[Start of section]

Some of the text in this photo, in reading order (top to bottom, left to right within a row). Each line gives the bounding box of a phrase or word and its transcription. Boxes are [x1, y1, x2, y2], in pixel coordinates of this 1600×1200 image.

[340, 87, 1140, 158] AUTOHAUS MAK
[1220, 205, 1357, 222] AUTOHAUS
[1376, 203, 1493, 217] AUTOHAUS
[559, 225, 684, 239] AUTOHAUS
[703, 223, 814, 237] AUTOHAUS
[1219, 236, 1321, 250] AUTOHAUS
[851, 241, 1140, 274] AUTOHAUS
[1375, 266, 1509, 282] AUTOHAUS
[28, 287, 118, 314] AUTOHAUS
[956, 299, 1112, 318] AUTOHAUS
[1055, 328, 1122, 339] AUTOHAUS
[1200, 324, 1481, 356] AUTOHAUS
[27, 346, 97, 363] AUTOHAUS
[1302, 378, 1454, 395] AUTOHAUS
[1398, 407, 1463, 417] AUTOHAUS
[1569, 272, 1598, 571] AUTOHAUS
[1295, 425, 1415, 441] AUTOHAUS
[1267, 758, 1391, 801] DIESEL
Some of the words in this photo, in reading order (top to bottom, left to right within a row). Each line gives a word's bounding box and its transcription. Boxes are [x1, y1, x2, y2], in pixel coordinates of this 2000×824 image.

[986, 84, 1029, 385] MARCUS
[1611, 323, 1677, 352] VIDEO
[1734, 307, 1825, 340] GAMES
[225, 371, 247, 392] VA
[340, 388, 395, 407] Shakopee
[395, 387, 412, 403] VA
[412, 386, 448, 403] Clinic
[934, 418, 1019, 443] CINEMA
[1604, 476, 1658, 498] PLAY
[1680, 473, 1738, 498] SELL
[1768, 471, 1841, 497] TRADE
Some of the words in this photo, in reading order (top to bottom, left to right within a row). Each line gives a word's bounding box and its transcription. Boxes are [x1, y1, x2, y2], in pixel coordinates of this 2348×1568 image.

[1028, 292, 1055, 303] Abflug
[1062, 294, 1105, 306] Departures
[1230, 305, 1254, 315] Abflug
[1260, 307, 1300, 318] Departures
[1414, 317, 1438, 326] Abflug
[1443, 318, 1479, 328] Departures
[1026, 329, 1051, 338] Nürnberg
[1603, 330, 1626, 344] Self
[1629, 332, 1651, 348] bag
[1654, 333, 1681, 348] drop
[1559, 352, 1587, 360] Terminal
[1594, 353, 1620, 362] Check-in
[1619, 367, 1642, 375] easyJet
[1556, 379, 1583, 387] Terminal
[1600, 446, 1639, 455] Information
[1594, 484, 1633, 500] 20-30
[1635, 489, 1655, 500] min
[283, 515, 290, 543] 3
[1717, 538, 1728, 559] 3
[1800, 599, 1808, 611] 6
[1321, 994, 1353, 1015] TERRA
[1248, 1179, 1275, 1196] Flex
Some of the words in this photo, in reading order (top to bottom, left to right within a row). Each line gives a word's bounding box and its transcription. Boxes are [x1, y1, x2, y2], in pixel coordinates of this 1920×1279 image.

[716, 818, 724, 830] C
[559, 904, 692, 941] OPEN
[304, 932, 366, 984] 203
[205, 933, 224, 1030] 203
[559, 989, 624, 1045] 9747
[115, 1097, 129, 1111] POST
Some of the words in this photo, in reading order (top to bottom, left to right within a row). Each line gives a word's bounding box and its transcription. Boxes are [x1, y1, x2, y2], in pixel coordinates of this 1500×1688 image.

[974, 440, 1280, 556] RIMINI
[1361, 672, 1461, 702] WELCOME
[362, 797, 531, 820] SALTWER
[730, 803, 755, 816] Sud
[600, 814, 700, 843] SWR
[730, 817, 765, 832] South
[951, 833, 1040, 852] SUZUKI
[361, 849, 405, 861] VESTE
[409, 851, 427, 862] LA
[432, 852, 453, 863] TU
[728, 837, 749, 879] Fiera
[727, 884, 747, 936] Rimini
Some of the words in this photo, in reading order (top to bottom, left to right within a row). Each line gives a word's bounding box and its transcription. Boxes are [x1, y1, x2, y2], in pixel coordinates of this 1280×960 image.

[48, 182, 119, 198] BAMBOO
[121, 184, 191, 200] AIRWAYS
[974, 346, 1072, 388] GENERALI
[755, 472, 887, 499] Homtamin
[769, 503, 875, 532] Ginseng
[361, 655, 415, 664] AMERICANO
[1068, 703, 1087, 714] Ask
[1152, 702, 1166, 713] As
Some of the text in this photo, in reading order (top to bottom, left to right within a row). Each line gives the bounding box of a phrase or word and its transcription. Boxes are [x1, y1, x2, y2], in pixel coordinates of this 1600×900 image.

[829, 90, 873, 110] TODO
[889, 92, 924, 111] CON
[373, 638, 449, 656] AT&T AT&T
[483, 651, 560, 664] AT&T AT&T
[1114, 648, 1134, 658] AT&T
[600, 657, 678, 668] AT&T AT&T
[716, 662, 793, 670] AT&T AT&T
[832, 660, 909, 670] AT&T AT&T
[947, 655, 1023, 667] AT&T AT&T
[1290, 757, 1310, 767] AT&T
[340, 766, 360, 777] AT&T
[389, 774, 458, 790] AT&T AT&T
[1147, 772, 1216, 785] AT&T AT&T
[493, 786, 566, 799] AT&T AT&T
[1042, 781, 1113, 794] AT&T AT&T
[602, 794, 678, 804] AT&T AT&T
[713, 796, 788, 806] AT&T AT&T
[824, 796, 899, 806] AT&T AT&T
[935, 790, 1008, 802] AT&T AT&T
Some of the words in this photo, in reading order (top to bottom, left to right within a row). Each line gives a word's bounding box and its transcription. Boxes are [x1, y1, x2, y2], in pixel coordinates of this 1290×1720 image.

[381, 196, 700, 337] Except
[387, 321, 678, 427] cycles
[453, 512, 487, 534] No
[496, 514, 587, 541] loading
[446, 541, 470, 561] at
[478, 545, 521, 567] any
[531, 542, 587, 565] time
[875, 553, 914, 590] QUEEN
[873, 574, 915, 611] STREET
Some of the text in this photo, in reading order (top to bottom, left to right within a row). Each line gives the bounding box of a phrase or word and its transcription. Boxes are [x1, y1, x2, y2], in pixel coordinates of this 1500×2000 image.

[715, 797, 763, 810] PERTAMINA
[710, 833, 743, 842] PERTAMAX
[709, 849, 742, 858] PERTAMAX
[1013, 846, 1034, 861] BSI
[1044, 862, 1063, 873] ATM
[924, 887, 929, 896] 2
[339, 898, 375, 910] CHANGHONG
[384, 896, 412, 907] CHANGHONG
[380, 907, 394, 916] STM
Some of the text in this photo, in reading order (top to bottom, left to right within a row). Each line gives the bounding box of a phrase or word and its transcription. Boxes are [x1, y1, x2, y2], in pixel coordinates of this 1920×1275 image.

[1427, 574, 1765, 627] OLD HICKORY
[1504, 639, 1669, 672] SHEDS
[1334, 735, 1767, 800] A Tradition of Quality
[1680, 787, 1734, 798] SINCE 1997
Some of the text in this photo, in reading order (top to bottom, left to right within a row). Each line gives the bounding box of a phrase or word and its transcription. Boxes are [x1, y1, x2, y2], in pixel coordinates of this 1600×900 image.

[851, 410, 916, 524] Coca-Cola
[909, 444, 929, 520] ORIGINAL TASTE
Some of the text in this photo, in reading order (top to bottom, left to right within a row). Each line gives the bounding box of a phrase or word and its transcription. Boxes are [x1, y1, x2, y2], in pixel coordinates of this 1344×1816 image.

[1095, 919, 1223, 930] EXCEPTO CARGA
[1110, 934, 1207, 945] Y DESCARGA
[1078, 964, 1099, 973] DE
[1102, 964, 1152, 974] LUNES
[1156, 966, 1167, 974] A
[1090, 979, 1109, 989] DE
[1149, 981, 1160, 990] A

[End of section]

What the task requires:
Would you please write out all the entries exactly?

Solution:
Some of the text in this photo, in reading order (top to bottom, left to right within a row). Each line gives the bounding box of a phrase or word and its transcription. Boxes are [x1, y1, x2, y2], in pixel coordinates of this 1600×1200 image.

[340, 87, 1140, 158] AUTOHAUS MAK
[1220, 205, 1357, 222] AUTOHAUS
[1376, 203, 1493, 217] AUTOHAUS
[559, 225, 684, 239] AUTOHAUS
[703, 223, 814, 237] AUTOHAUS
[1219, 236, 1321, 250] AUTOHAUS
[851, 241, 1140, 274] AUTOHAUS
[1375, 266, 1509, 282] AUTOHAUS
[28, 287, 118, 314] AUTOHAUS
[956, 299, 1112, 318] AUTOHAUS
[1055, 328, 1122, 339] AUTOHAUS
[1200, 324, 1481, 356] AUTOHAUS
[27, 346, 97, 363] AUTOHAUS
[1302, 378, 1454, 395] AUTOHAUS
[1398, 407, 1463, 417] AUTOHAUS
[1569, 272, 1598, 571] AUTOHAUS
[1295, 425, 1415, 441] AUTOHAUS
[1267, 758, 1391, 801] DIESEL
Some of the words in this photo, in reading order (top to bottom, left to right within a row). Each line gives a word's bounding box and its transcription. Boxes are [x1, y1, x2, y2], in pixel coordinates of this 2000×824 image.

[986, 84, 1029, 385] MARCUS
[1611, 323, 1677, 352] VIDEO
[1734, 307, 1825, 340] GAMES
[225, 371, 247, 392] VA
[340, 388, 395, 407] Shakopee
[395, 387, 412, 403] VA
[412, 386, 448, 403] Clinic
[934, 418, 1019, 443] CINEMA
[1604, 476, 1658, 498] PLAY
[1680, 473, 1738, 498] SELL
[1768, 471, 1841, 497] TRADE
Some of the words in this photo, in reading order (top to bottom, left to right within a row). Each line gives a word's bounding box and its transcription. Boxes are [x1, y1, x2, y2], in pixel coordinates of this 2348×1568 image.

[1028, 292, 1055, 303] Abflug
[1062, 294, 1105, 306] Departures
[1230, 305, 1254, 315] Abflug
[1260, 307, 1300, 318] Departures
[1414, 317, 1438, 326] Abflug
[1443, 318, 1479, 328] Departures
[1026, 329, 1051, 338] Nürnberg
[1603, 330, 1626, 344] Self
[1629, 332, 1651, 348] bag
[1654, 333, 1681, 348] drop
[1559, 352, 1587, 360] Terminal
[1594, 353, 1620, 362] Check-in
[1619, 367, 1642, 375] easyJet
[1556, 379, 1583, 387] Terminal
[1600, 446, 1639, 455] Information
[1594, 484, 1633, 500] 20-30
[1635, 489, 1655, 500] min
[283, 515, 290, 543] 3
[1717, 538, 1728, 559] 3
[1800, 599, 1808, 611] 6
[1321, 994, 1353, 1015] TERRA
[1248, 1179, 1275, 1196] Flex
Some of the words in this photo, in reading order (top to bottom, left to right within a row). Each line gives a word's bounding box and its transcription. Boxes are [x1, y1, x2, y2], in pixel coordinates of this 1920×1279 image.

[716, 818, 724, 830] C
[559, 904, 692, 941] OPEN
[304, 932, 366, 984] 203
[205, 933, 224, 1030] 203
[559, 989, 624, 1045] 9747
[115, 1097, 129, 1111] POST
Some of the words in this photo, in reading order (top to bottom, left to right within a row). Each line gives a word's bounding box and its transcription. Boxes are [x1, y1, x2, y2], in pixel coordinates of this 1500×1688 image.

[974, 440, 1280, 556] RIMINI
[1361, 672, 1461, 702] WELCOME
[362, 797, 531, 820] SALTWER
[730, 803, 755, 816] Sud
[600, 814, 700, 843] SWR
[730, 817, 765, 832] South
[951, 833, 1040, 852] SUZUKI
[361, 849, 405, 861] VESTE
[409, 851, 427, 862] LA
[432, 852, 453, 863] TU
[728, 837, 749, 879] Fiera
[727, 884, 747, 936] Rimini
Some of the words in this photo, in reading order (top to bottom, left to right within a row). Each line gives a word's bounding box and its transcription. Boxes are [x1, y1, x2, y2], in pixel coordinates of this 1280×960 image.

[48, 182, 119, 198] BAMBOO
[121, 184, 191, 200] AIRWAYS
[974, 346, 1072, 388] GENERALI
[755, 472, 887, 499] Homtamin
[769, 503, 875, 532] Ginseng
[361, 655, 415, 664] AMERICANO
[1068, 703, 1087, 714] Ask
[1152, 702, 1166, 713] As
Some of the text in this photo, in reading order (top to bottom, left to right within a row). Each line gives the bounding box of a phrase or word and its transcription. Boxes are [x1, y1, x2, y2], in pixel coordinates of this 1600×900 image.

[829, 90, 873, 110] TODO
[889, 92, 924, 111] CON
[373, 638, 449, 656] AT&T AT&T
[483, 651, 560, 664] AT&T AT&T
[1114, 648, 1134, 658] AT&T
[600, 657, 678, 668] AT&T AT&T
[716, 662, 793, 670] AT&T AT&T
[832, 660, 909, 670] AT&T AT&T
[947, 655, 1023, 667] AT&T AT&T
[1290, 757, 1310, 767] AT&T
[340, 766, 360, 777] AT&T
[389, 774, 458, 790] AT&T AT&T
[1147, 772, 1216, 785] AT&T AT&T
[493, 786, 566, 799] AT&T AT&T
[1042, 781, 1113, 794] AT&T AT&T
[602, 794, 678, 804] AT&T AT&T
[713, 796, 788, 806] AT&T AT&T
[824, 796, 899, 806] AT&T AT&T
[935, 790, 1008, 802] AT&T AT&T
Some of the words in this photo, in reading order (top to bottom, left to right within a row). Each line gives a word's bounding box and its transcription. Boxes are [x1, y1, x2, y2], in pixel coordinates of this 1290×1720 image.

[381, 196, 700, 337] Except
[387, 321, 678, 427] cycles
[453, 512, 487, 534] No
[496, 514, 587, 541] loading
[446, 541, 470, 561] at
[478, 545, 521, 567] any
[531, 542, 587, 565] time
[875, 553, 914, 590] QUEEN
[873, 574, 915, 611] STREET
Some of the text in this photo, in reading order (top to bottom, left to right within a row). Each line gives the bounding box of a phrase or word and its transcription. Boxes are [x1, y1, x2, y2], in pixel coordinates of this 1500×2000 image.

[715, 797, 763, 810] PERTAMINA
[710, 833, 743, 842] PERTAMAX
[709, 849, 742, 858] PERTAMAX
[1013, 846, 1034, 861] BSI
[1044, 862, 1063, 873] ATM
[924, 887, 929, 896] 2
[339, 898, 375, 910] CHANGHONG
[384, 896, 412, 907] CHANGHONG
[380, 907, 394, 916] STM
Some of the text in this photo, in reading order (top to bottom, left to right within a row). Each line gives the bounding box of a phrase or word and its transcription. Boxes are [x1, y1, x2, y2], in pixel coordinates of this 1920×1275 image.

[1427, 574, 1765, 627] OLD HICKORY
[1504, 639, 1669, 672] SHEDS
[1334, 735, 1767, 800] A Tradition of Quality
[1680, 787, 1734, 798] SINCE 1997
Some of the text in this photo, in reading order (top to bottom, left to right within a row). Each line gives the bounding box of a phrase or word and its transcription. Boxes are [x1, y1, x2, y2], in pixel coordinates of this 1600×900 image.

[851, 410, 916, 524] Coca-Cola
[909, 444, 929, 520] ORIGINAL TASTE
Some of the text in this photo, in reading order (top to bottom, left to right within a row). Each line gives the bounding box of a phrase or word and its transcription. Boxes are [x1, y1, x2, y2], in pixel coordinates of this 1344×1816 image.

[1095, 919, 1223, 930] EXCEPTO CARGA
[1110, 934, 1207, 945] Y DESCARGA
[1078, 964, 1099, 973] DE
[1102, 964, 1152, 974] LUNES
[1156, 966, 1167, 974] A
[1090, 979, 1109, 989] DE
[1149, 981, 1160, 990] A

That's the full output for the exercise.